Woody Fraser, executive producer of Huckabee’s FoxNews program, told several media outlets Huckabee will announce whether he intends to take the first steps toward a White House run. That could come in the formation of an exploratory committee.

Earlier Friday Huckabee Tweeted, “Be sure to check my media schedule for today and the weekend.” Huckabee has a loaded media schedule on FoxNews this weekend, appearing on “Your World” with Neil Cavuto Friday at 4 p.m. ET, “The O’Reilly Factor” with Bill O’Reilly Friday at 8 p.m. ET, and “Fox and Friends” on the Fox News Channel Saturday at 8:30 a.m. ET, before hosting his show Saturday night.


The Tennessee Senate passed a bill May 12 revoking a Nashville ordinance that protects employees based on their homosexuality or transgender status.

The senators voted 21-8 for the legislation, which would prevent local governments from enacting nondiscrimination ordinances that go beyond existing state and federal law.

Tennessee law already prohibits employers from discriminating based on “race, creed, color, religion, sex, age, or national origin.” The Nashville Metro Council went further in early April, requiring businesses that contract with the city to add employment policies with protections for the categories of “sexual orientation” and “gender identity.”

The bill — the Equal Access to Intrastate Commerce Act, H.B. 600 — will return to the House of Representatives for a vote on final passage. The Senate version is slightly different than one the House approved 73-24 in a late April vote.

“Sexual orientation” can encompass homosexuality and bisexuality, as well as transgender status. “Gender identity” is a term that “refers to a person’s innate, deeply felt psychological identification as male or female, which may or may not correspond to the person’s body or designated sex at birth,” according to the Human Rights Campaign, the country’s largest homosexual organization.

Southern Baptist Richard Land urged support for the bill in a May 11 letter to the senators. He said the measure would ensure the uniform application of the state’s nondiscrimination laws to business owners, prevent “frivolous but costly lawsuits by protecting state merchants from the arbitrary and subjective interpretation of ‘sexual orientation’ and ‘gender identity,'” and guard the religious freedom of Christian employers.

“There is no evidence to dictate equating homosexual behavior with immutable distinctiveness,” said Land, president of the Ethics & Religious Liberty Commission (ERLC). “To do so mitigates the value of inalienable rights and trivializes the effort of those who seek to protect them.”

Also on May 11, Land and Randy Davis, executive director of the Tennessee Baptist Convention, urged Tennessee recipients of an ERLC email alert to ask their senators to vote for the measure.

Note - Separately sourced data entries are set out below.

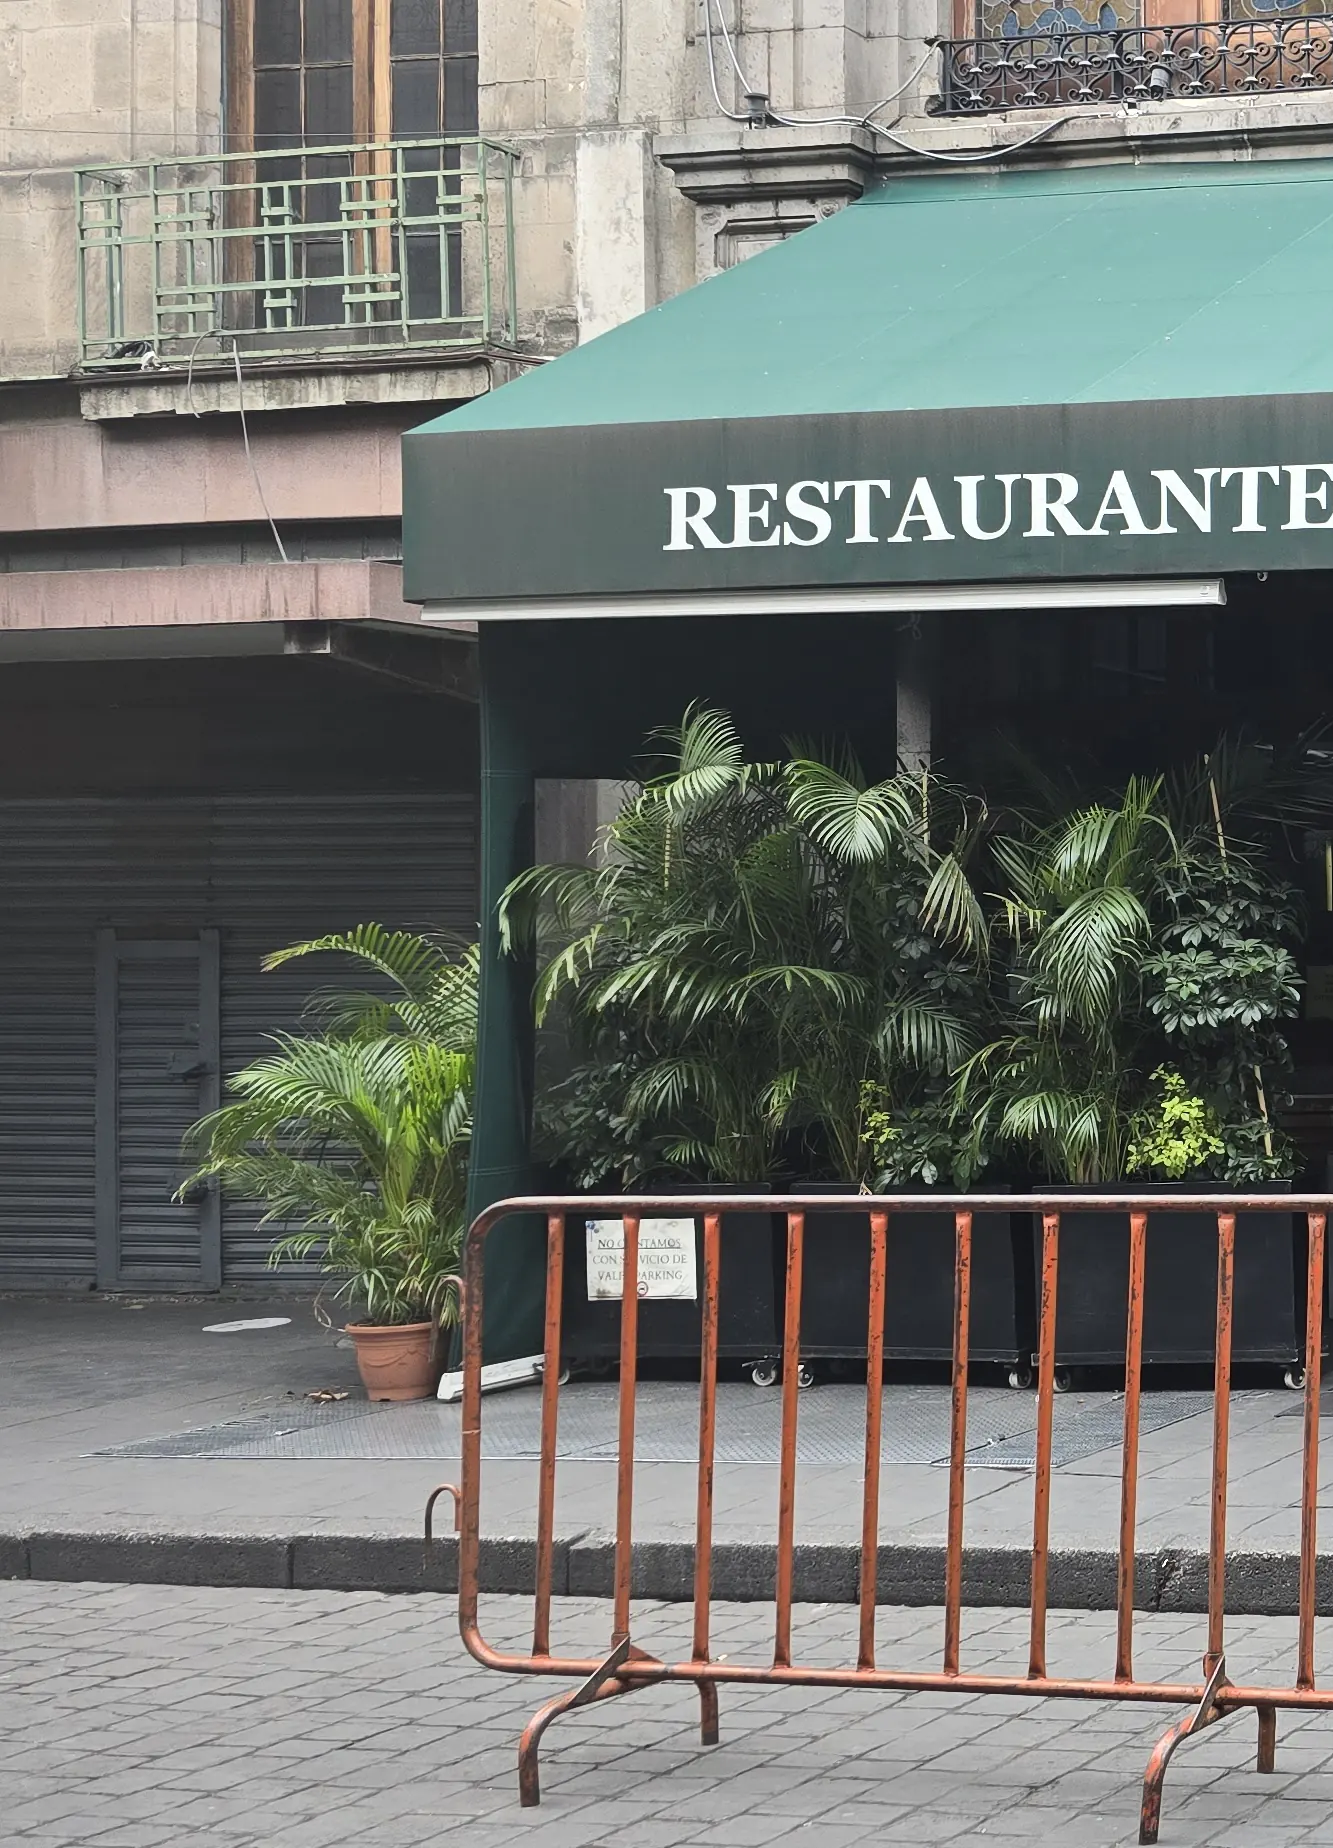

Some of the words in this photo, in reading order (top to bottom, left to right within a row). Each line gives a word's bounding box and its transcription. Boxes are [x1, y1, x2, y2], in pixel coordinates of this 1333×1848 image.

[598, 1239, 615, 1248] NO
[617, 1238, 681, 1248] CNTAMOS
[593, 1255, 617, 1265] CON
[620, 1254, 670, 1265] SVICIO
[673, 1254, 688, 1264] DE
[638, 1270, 683, 1281] ARKING

David Fowler, president of the conservative group Family Action of Tennessee, has called the bill a “first-in-the-nation kind of law.”

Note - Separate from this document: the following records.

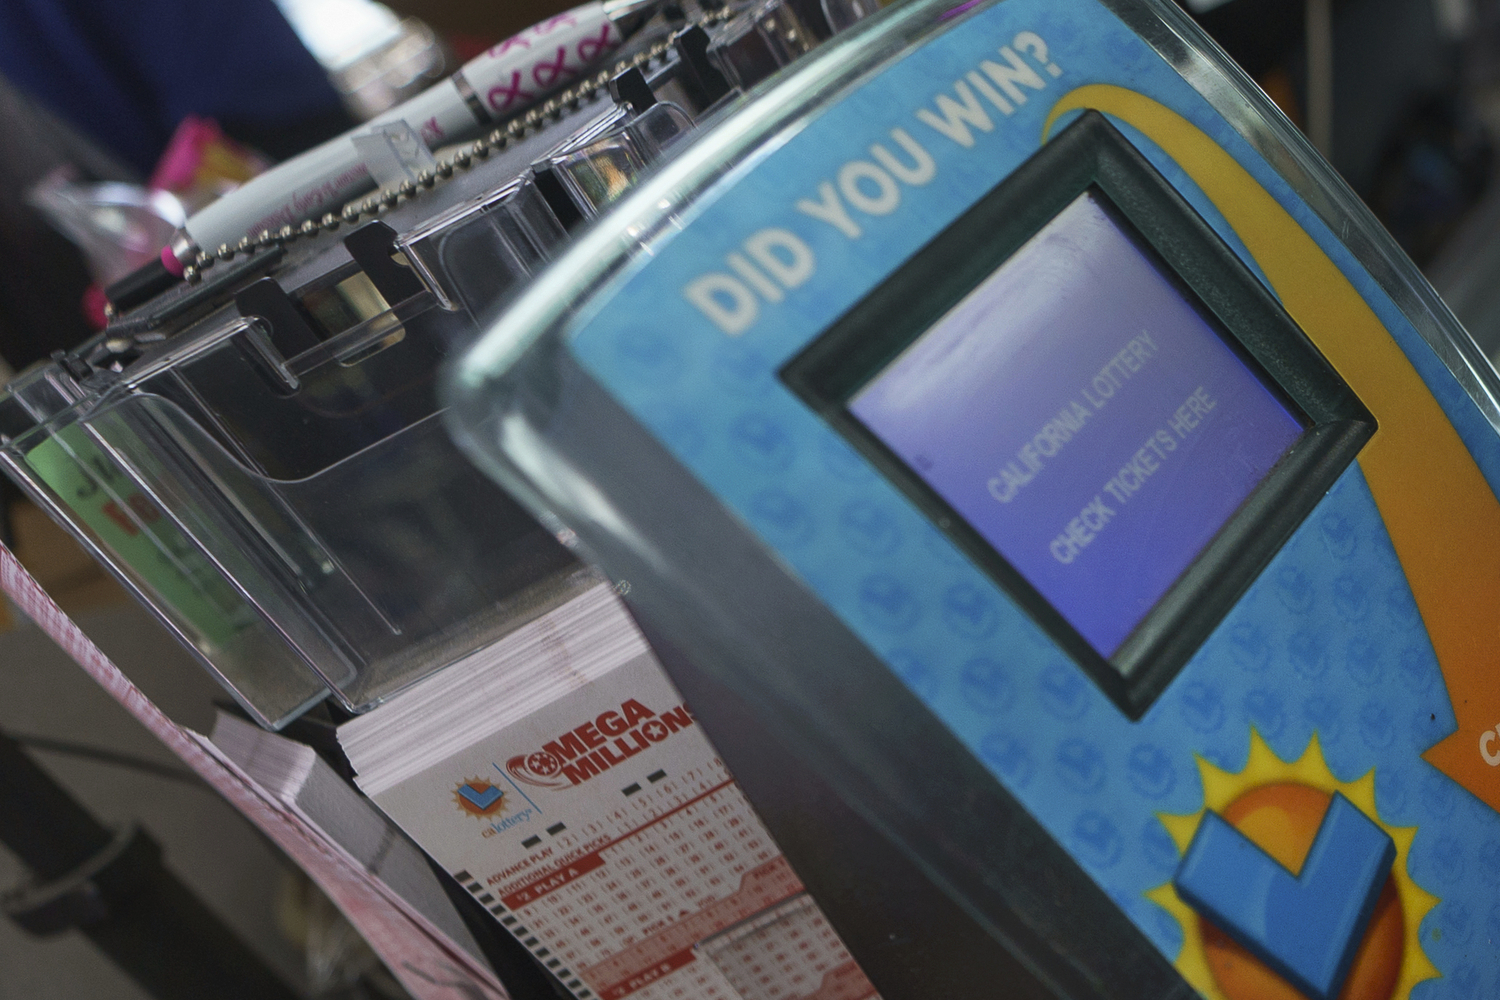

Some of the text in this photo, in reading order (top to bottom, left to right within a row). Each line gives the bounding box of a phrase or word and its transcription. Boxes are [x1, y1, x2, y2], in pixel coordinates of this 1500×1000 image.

[682, 32, 1064, 338] DID YOU WIN?
[986, 328, 1159, 502] CALIFORNIA LOTTERY
[1049, 385, 1217, 564] CHECK TICKETS HERE
[541, 697, 656, 765] MEGA
[486, 857, 532, 885] ADVANCE
[529, 847, 553, 864] PLAY
[497, 861, 555, 897] ADDITIONAL
[553, 846, 585, 868] QUICK
[582, 833, 611, 852] PICKS
[534, 872, 566, 894] PLAY
[567, 866, 579, 877] A
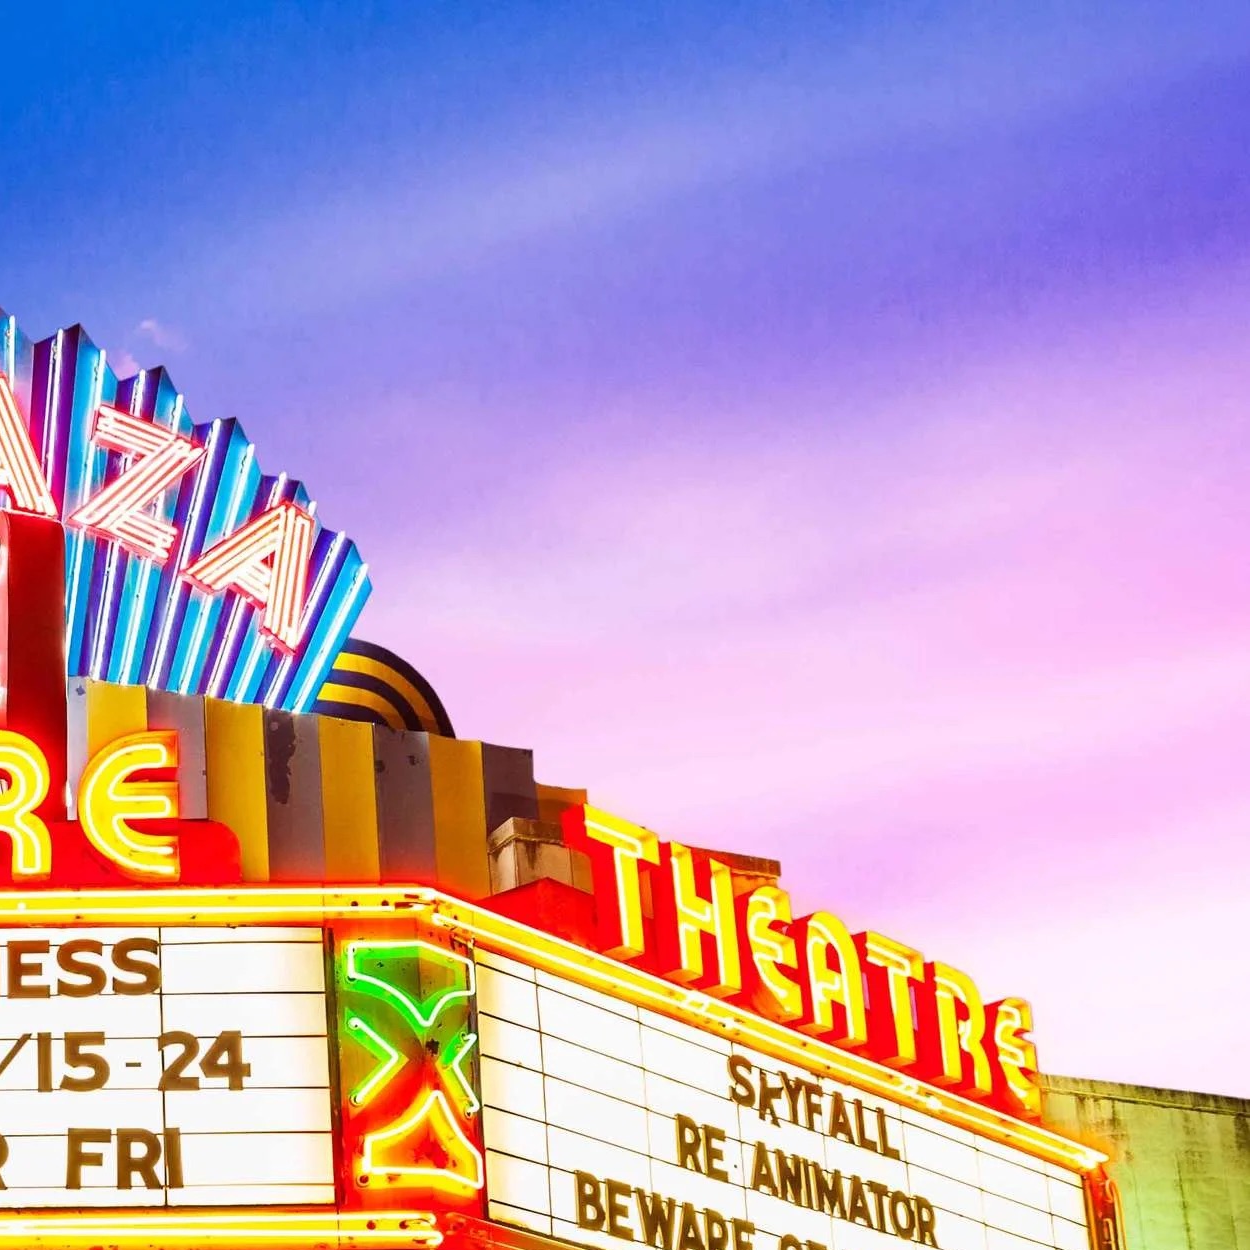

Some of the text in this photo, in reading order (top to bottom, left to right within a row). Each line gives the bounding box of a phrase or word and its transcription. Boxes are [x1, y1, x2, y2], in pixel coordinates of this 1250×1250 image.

Some opponents of the Nashville ordinance say it could lead to men using women’s restrooms. The concern over restrooms involves the definition of “gender identity.” These opponents warn that, under the ordinance, a man who inwardly identifies as a woman can begin using a women’s restroom.


Missouri residents will get to vote on a religious liberties amendment next year, after the Senate passed the legislation, 34-0, on May 10.

The measure would amend the state constitution to clarify the rights of Missourians to pray and acknowledge God in public and private settings. It also would protect public school students’ right to pray and acknowledge God in school, as well as express their religious beliefs in written and oral assignments.

Joe Ortwerth, executive director of the Missouri Family Policy Council, said, “This legislation establishes the clear outlines of our citizens’ religious liberties (and) would help overcome legal intimidation tactics” from groups such as the American Civil Liberties Union.

The House previously passed the bill, 126-30.
Compiled by Michael Foust, associate editor of Baptist Press, and Tom Strode, Washington bureau chief for Baptist Press. The Missouri brief is a World News Service item.